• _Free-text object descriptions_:
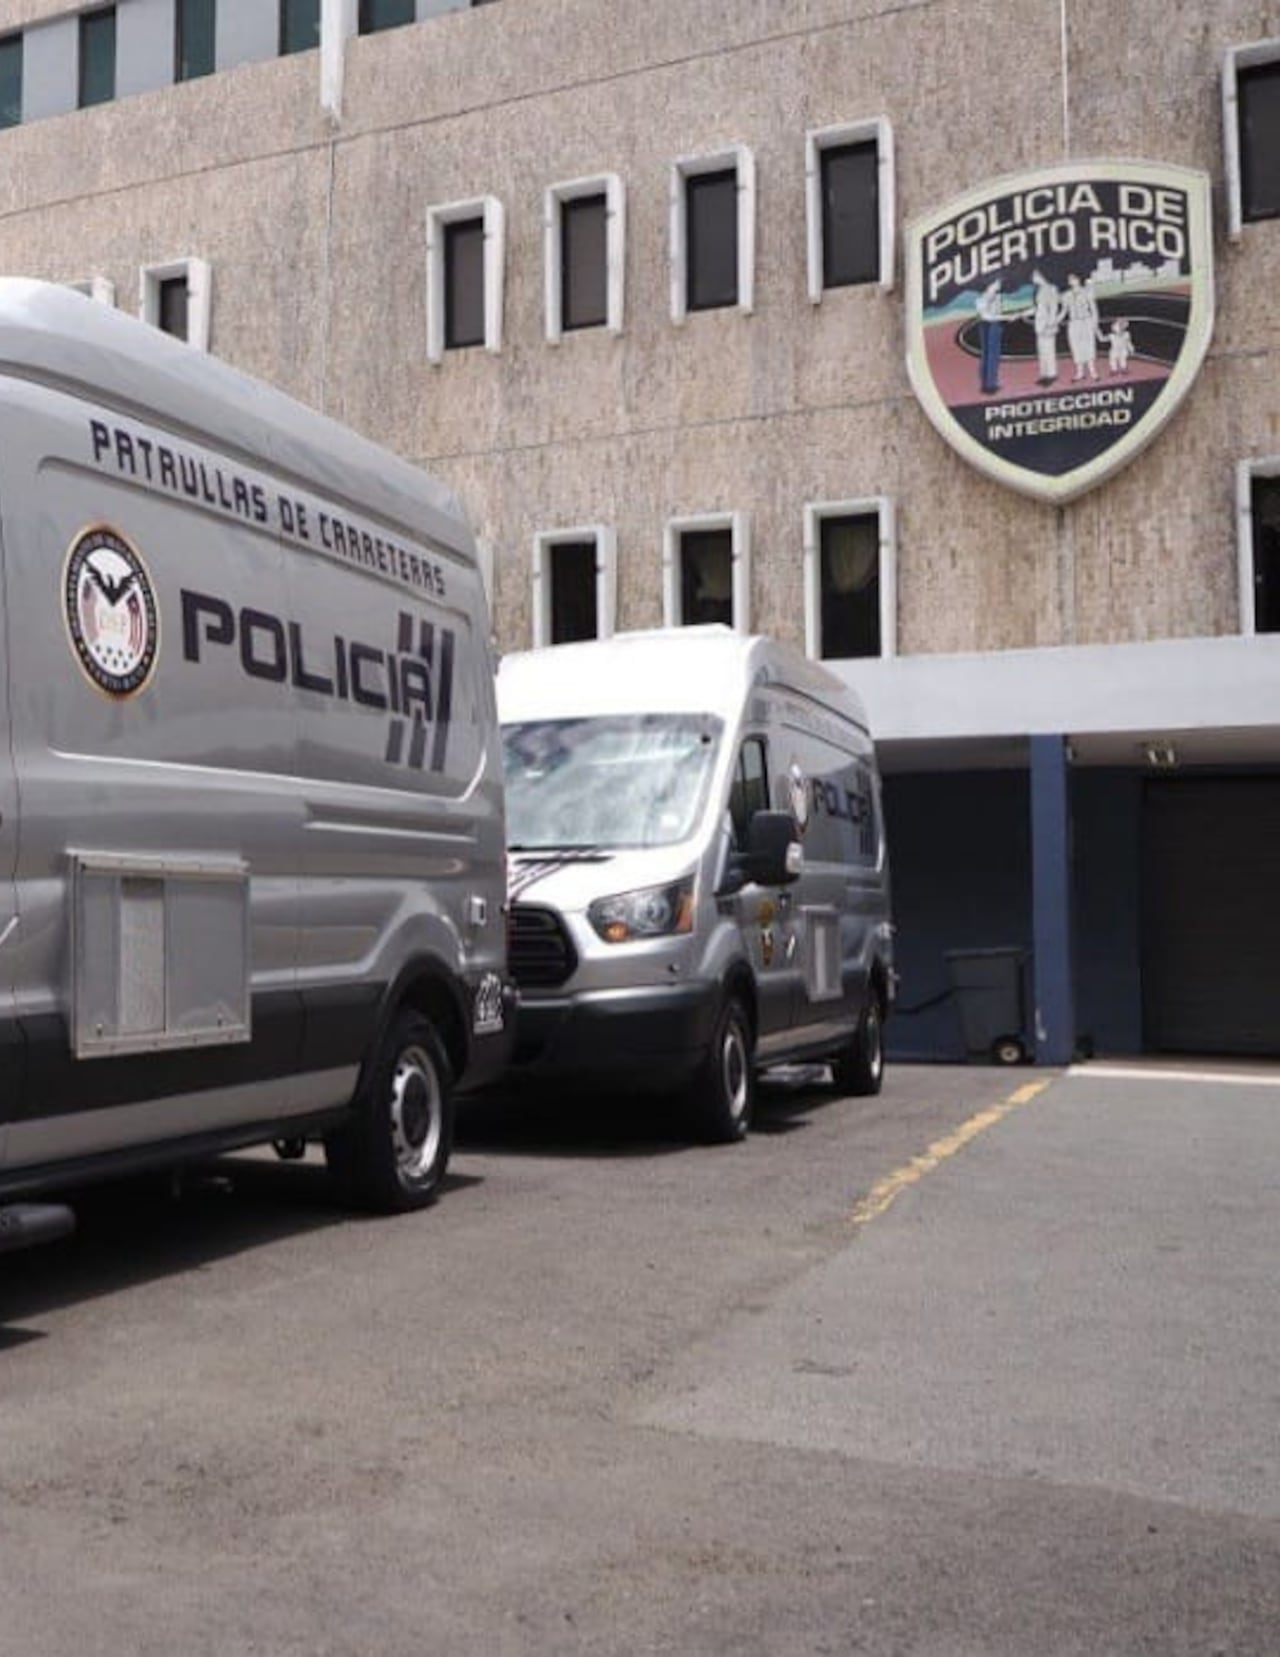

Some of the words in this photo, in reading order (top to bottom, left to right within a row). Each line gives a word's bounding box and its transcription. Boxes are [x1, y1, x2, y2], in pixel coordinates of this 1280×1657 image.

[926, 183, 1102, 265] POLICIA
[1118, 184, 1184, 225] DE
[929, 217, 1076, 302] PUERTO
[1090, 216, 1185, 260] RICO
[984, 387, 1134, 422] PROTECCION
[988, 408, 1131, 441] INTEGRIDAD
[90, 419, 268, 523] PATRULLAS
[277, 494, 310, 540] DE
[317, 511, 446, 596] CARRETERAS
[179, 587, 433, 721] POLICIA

• _What is being asked_: Repeat the records in full and exactly, leaving every picture out.

• _Your solution_:
Some of the words in this photo, in reading order (top to bottom, left to right within a row). Each line gives a word's bounding box and its transcription. Boxes are [x1, y1, x2, y2], in pixel coordinates of this 1280×1657 image.

[926, 183, 1102, 265] POLICIA
[1118, 184, 1184, 225] DE
[929, 217, 1076, 302] PUERTO
[1090, 216, 1185, 260] RICO
[984, 387, 1134, 422] PROTECCION
[988, 408, 1131, 441] INTEGRIDAD
[90, 419, 268, 523] PATRULLAS
[277, 494, 310, 540] DE
[317, 511, 446, 596] CARRETERAS
[179, 587, 433, 721] POLICIA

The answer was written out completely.